# The problem
Your copy begins at the line with "this 1600×900 image." and runs through the end of the data below. Set down only those lines exactly, without pictures.

BEGIN

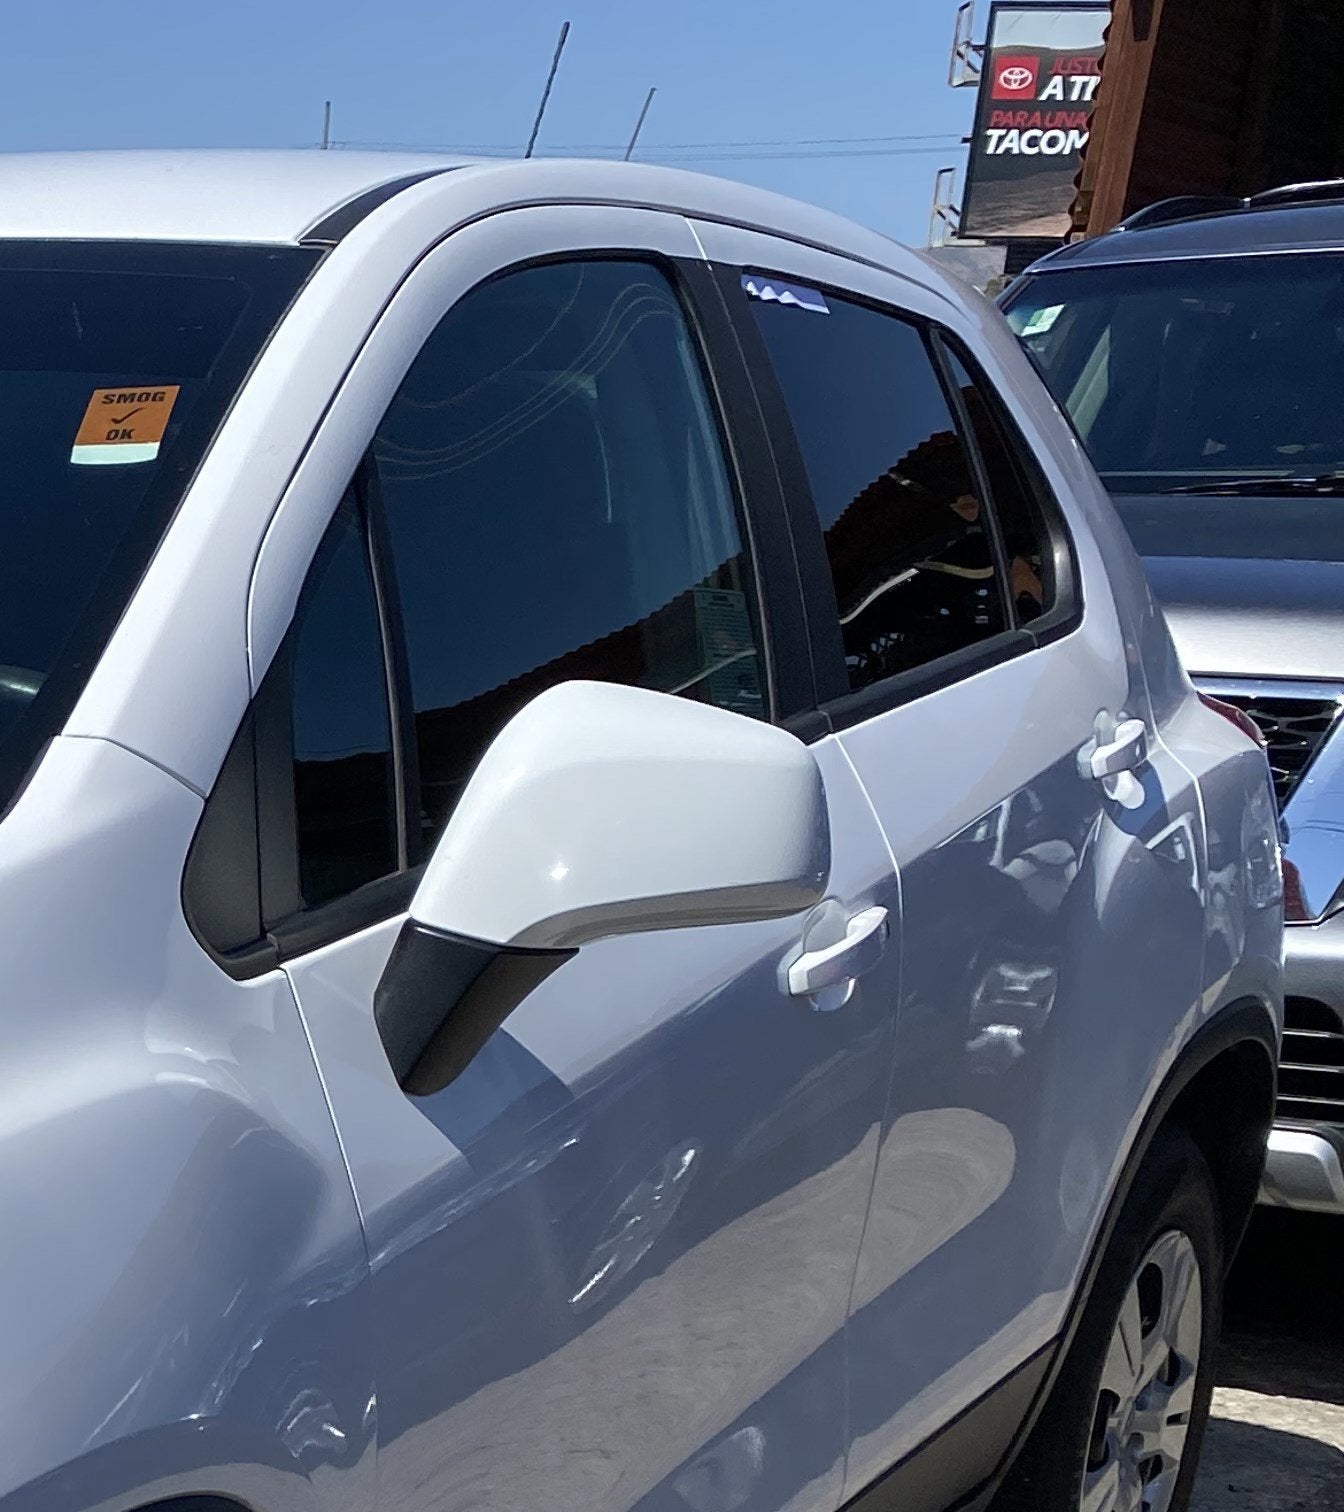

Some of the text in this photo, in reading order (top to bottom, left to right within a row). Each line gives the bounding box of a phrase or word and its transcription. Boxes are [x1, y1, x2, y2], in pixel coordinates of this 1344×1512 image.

[1070, 75, 1101, 101] TI
[102, 391, 166, 404] SMOG
[105, 428, 135, 441] OK
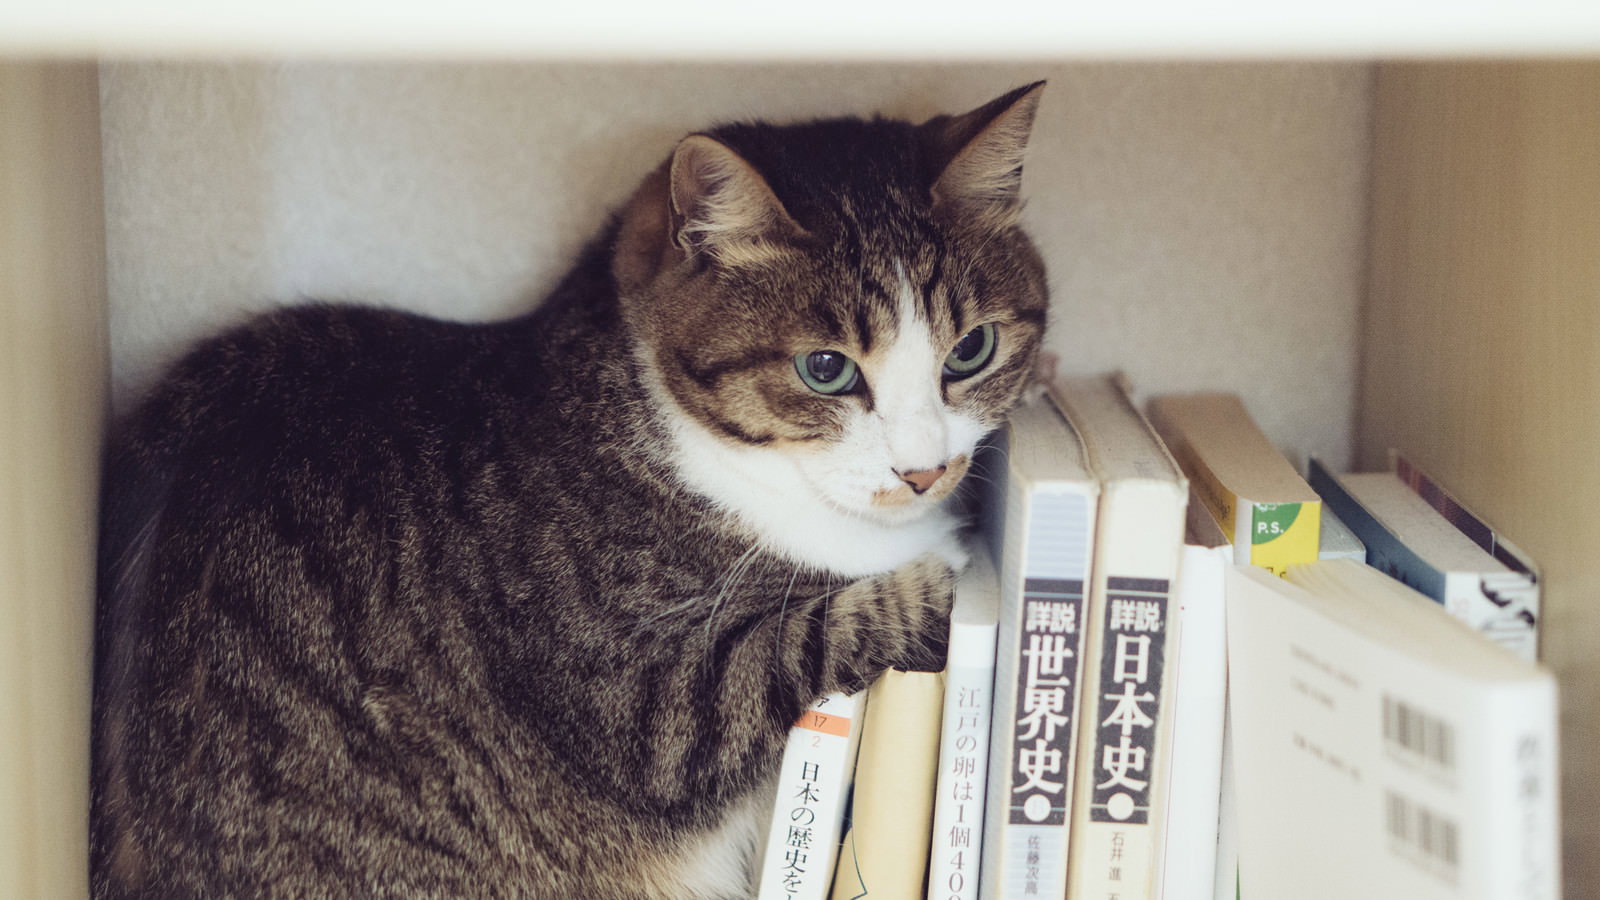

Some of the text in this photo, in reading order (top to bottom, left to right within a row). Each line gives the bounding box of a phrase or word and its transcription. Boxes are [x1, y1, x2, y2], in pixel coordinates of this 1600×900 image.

[1257, 521, 1284, 534] P.S.
[1026, 600, 1076, 633] 詳説
[1110, 599, 1160, 633] 詳説
[1013, 635, 1074, 794] 世界史
[1096, 634, 1155, 792] 日本史
[777, 761, 820, 900] 日本の歴史を
[948, 686, 982, 900] 江戸の卵は1個40
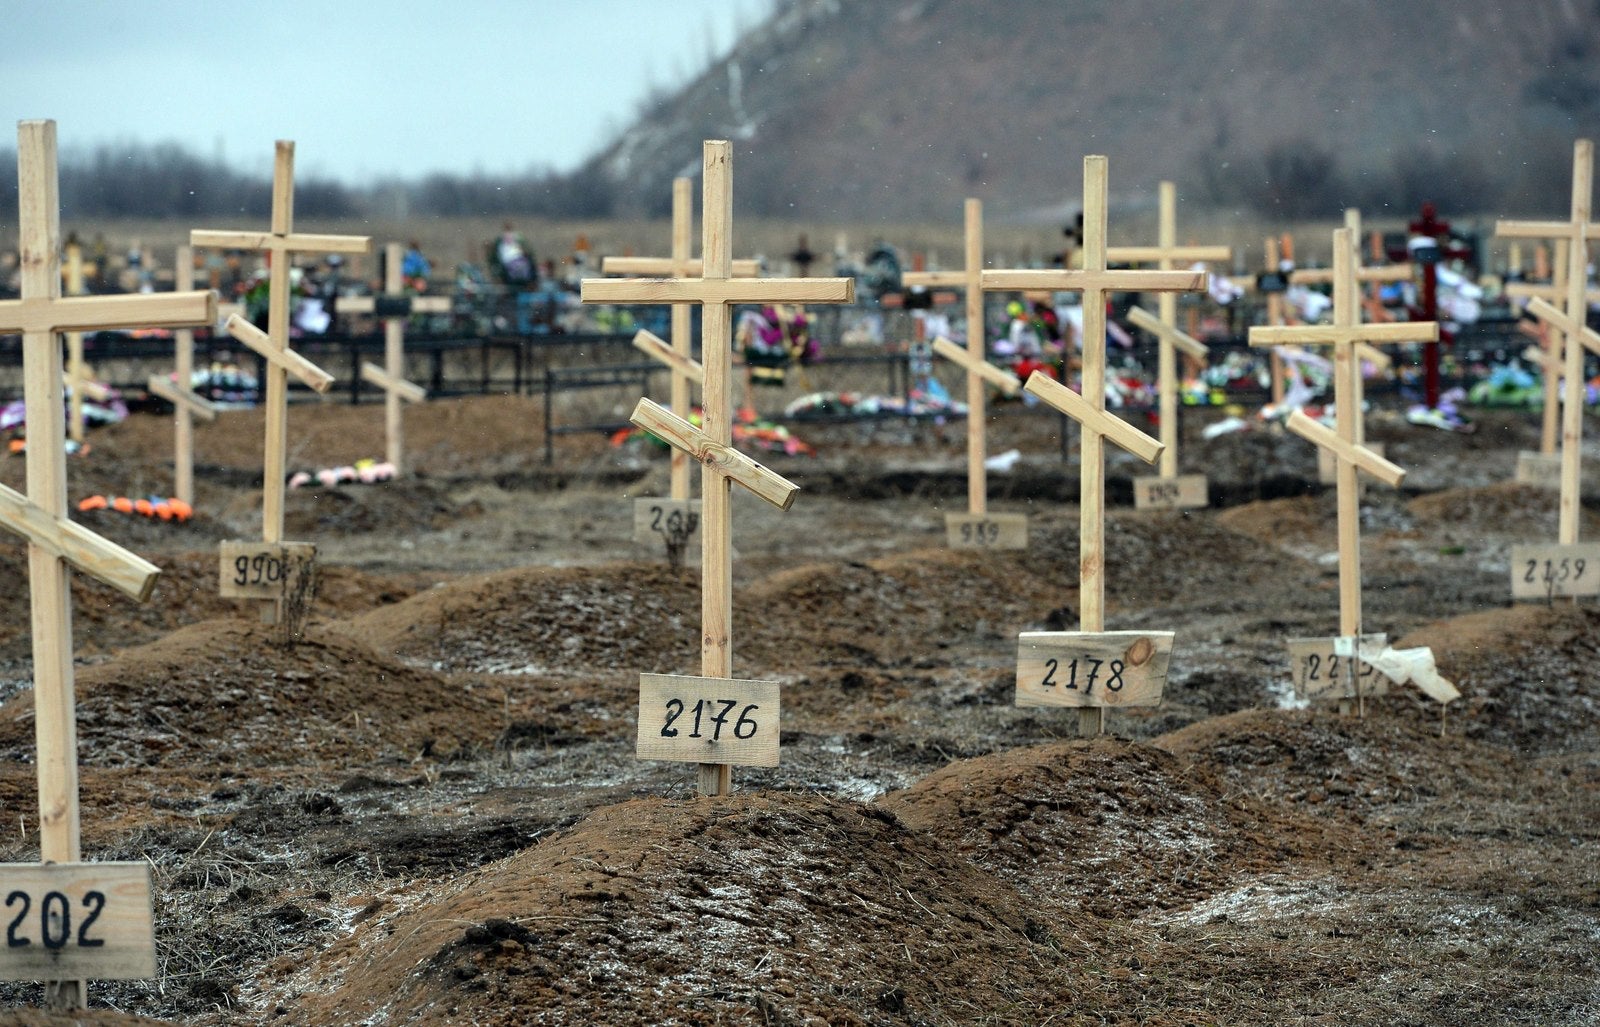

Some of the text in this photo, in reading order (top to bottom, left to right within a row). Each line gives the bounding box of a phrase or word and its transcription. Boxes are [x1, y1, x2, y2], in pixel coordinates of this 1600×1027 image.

[233, 554, 281, 586] 990
[1524, 558, 1586, 583] 2159
[1042, 657, 1125, 694] 2178
[661, 698, 759, 741] 2176
[5, 890, 106, 949] 202

END

# Task answer
Some of the text in this photo, in reading order (top to bottom, left to right within a row). Each line gives the bounding box of a phrase or word and its transcription. Boxes are [x1, y1, x2, y2], in pixel coordinates of this 1600×900 image.

[1257, 521, 1284, 534] P.S.
[1026, 600, 1076, 633] 詳説
[1110, 599, 1160, 633] 詳説
[1013, 635, 1074, 794] 世界史
[1096, 634, 1155, 792] 日本史
[777, 761, 820, 900] 日本の歴史を
[948, 686, 982, 900] 江戸の卵は1個40

Some of the text in this photo, in reading order (top to bottom, left to right within a row). Each line gives the bounding box of a phrase or word and its transcription. Boxes are [x1, y1, x2, y2], in pixel coordinates of this 1600×1027 image.

[233, 554, 281, 586] 990
[1524, 558, 1586, 583] 2159
[1042, 657, 1125, 694] 2178
[661, 698, 759, 741] 2176
[5, 890, 106, 949] 202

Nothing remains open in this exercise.